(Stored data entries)
- - - - - - -
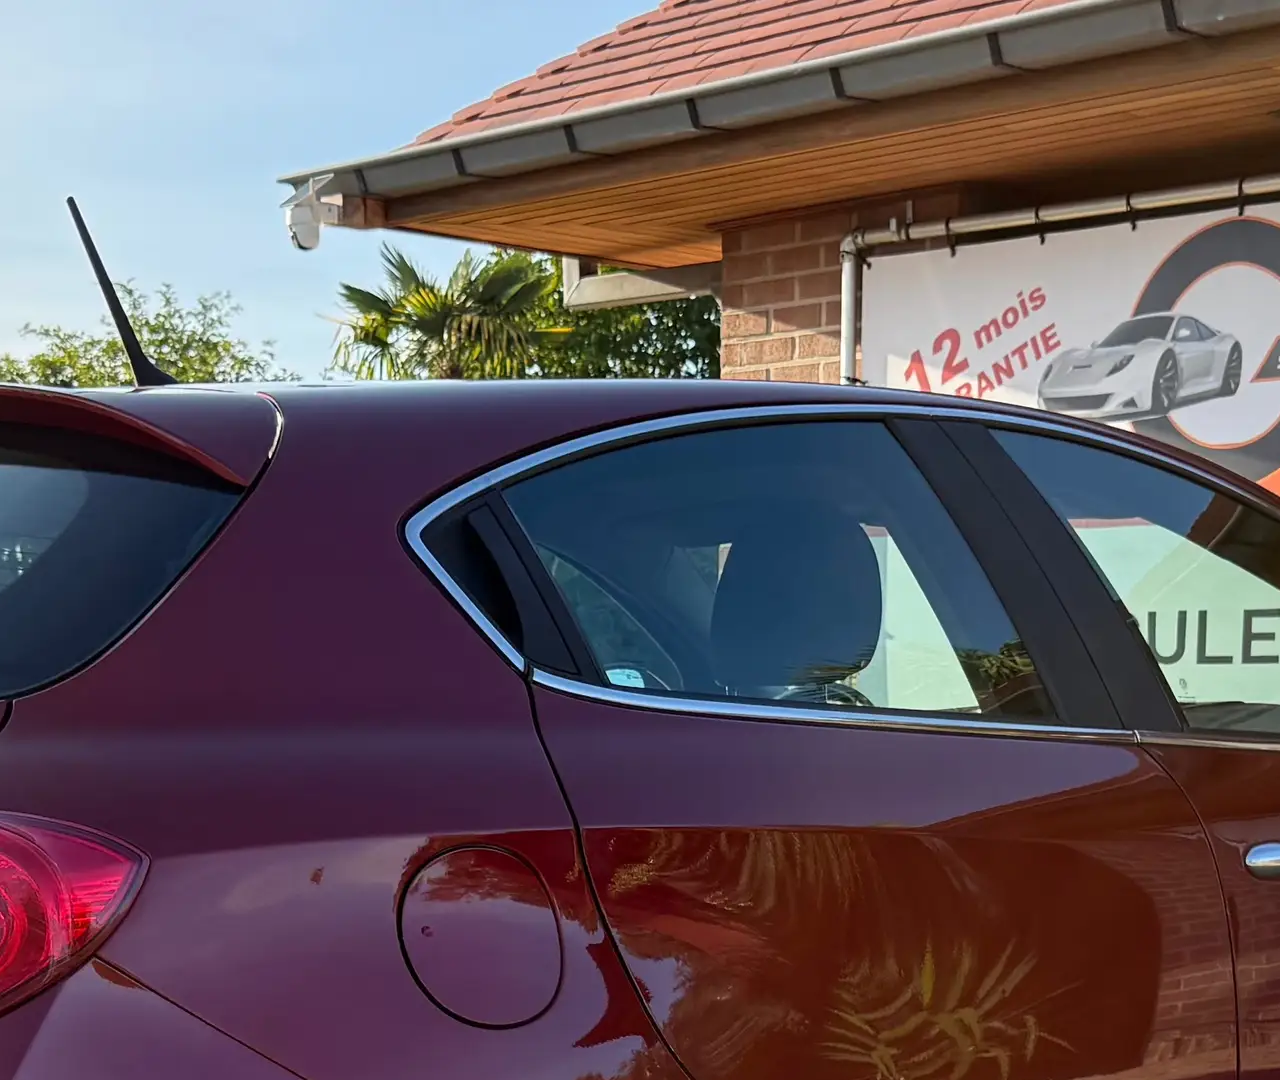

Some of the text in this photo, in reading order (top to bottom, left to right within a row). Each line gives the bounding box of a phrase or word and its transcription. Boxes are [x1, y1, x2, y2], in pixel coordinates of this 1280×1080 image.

[904, 287, 1047, 393] 12 mois
[955, 322, 1062, 399] RANTIE
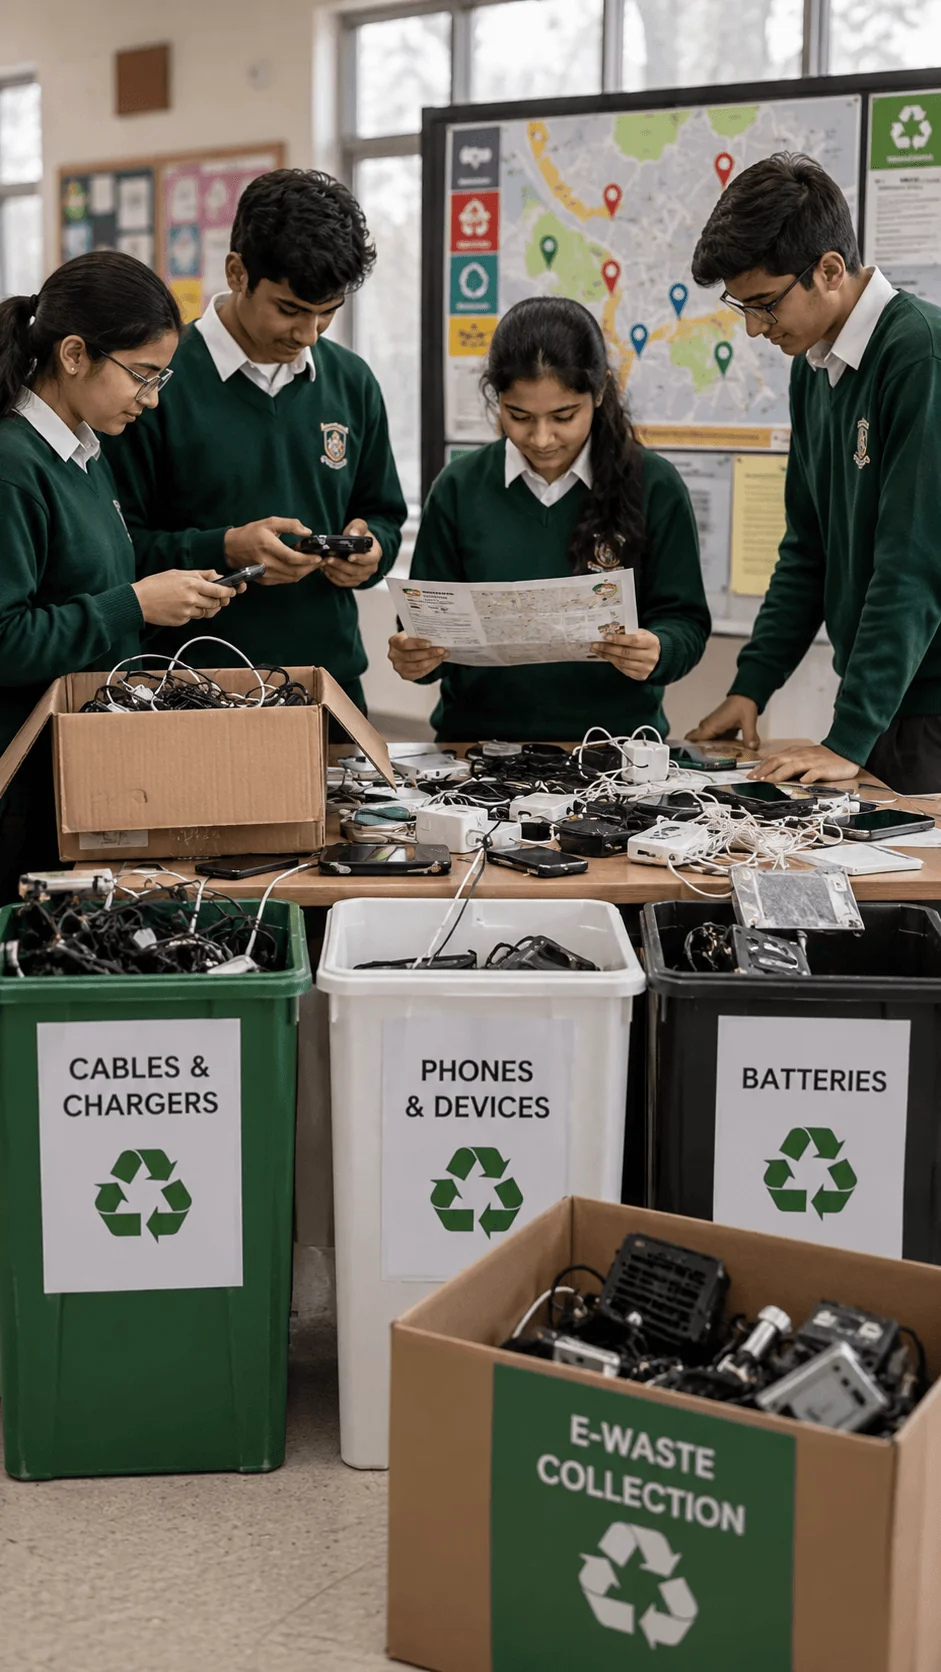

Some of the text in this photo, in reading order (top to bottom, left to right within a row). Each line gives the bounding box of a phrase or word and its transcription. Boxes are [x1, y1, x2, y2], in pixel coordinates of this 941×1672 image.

[69, 1055, 210, 1080] CABLES &
[421, 1059, 534, 1082] PHONES
[742, 1067, 887, 1093] BATTERIES
[63, 1091, 219, 1117] CHARGERS
[405, 1095, 550, 1119] & DEVICES
[570, 1413, 716, 1480] E-WASTE
[536, 1453, 745, 1536] COLLECTION
- - - - - - -
### [Instructions for the task]
Copy out all the records exactly as they read, and omit the pictures.

### [Expected answer]
Some of the text in this photo, in reading order (top to bottom, left to right within a row). Each line gives the bounding box of a phrase or word and its transcription. Boxes are [x1, y1, x2, y2], in pixel coordinates of this 1280×1080 image.

[904, 287, 1047, 393] 12 mois
[955, 322, 1062, 399] RANTIE

Some of the text in this photo, in reading order (top to bottom, left to right within a row). Each line gives the bounding box of a phrase or word and its transcription. Boxes are [x1, y1, x2, y2], in pixel coordinates of this 941×1672 image.

[69, 1055, 210, 1080] CABLES &
[421, 1059, 534, 1082] PHONES
[742, 1067, 887, 1093] BATTERIES
[63, 1091, 219, 1117] CHARGERS
[405, 1095, 550, 1119] & DEVICES
[570, 1413, 716, 1480] E-WASTE
[536, 1453, 745, 1536] COLLECTION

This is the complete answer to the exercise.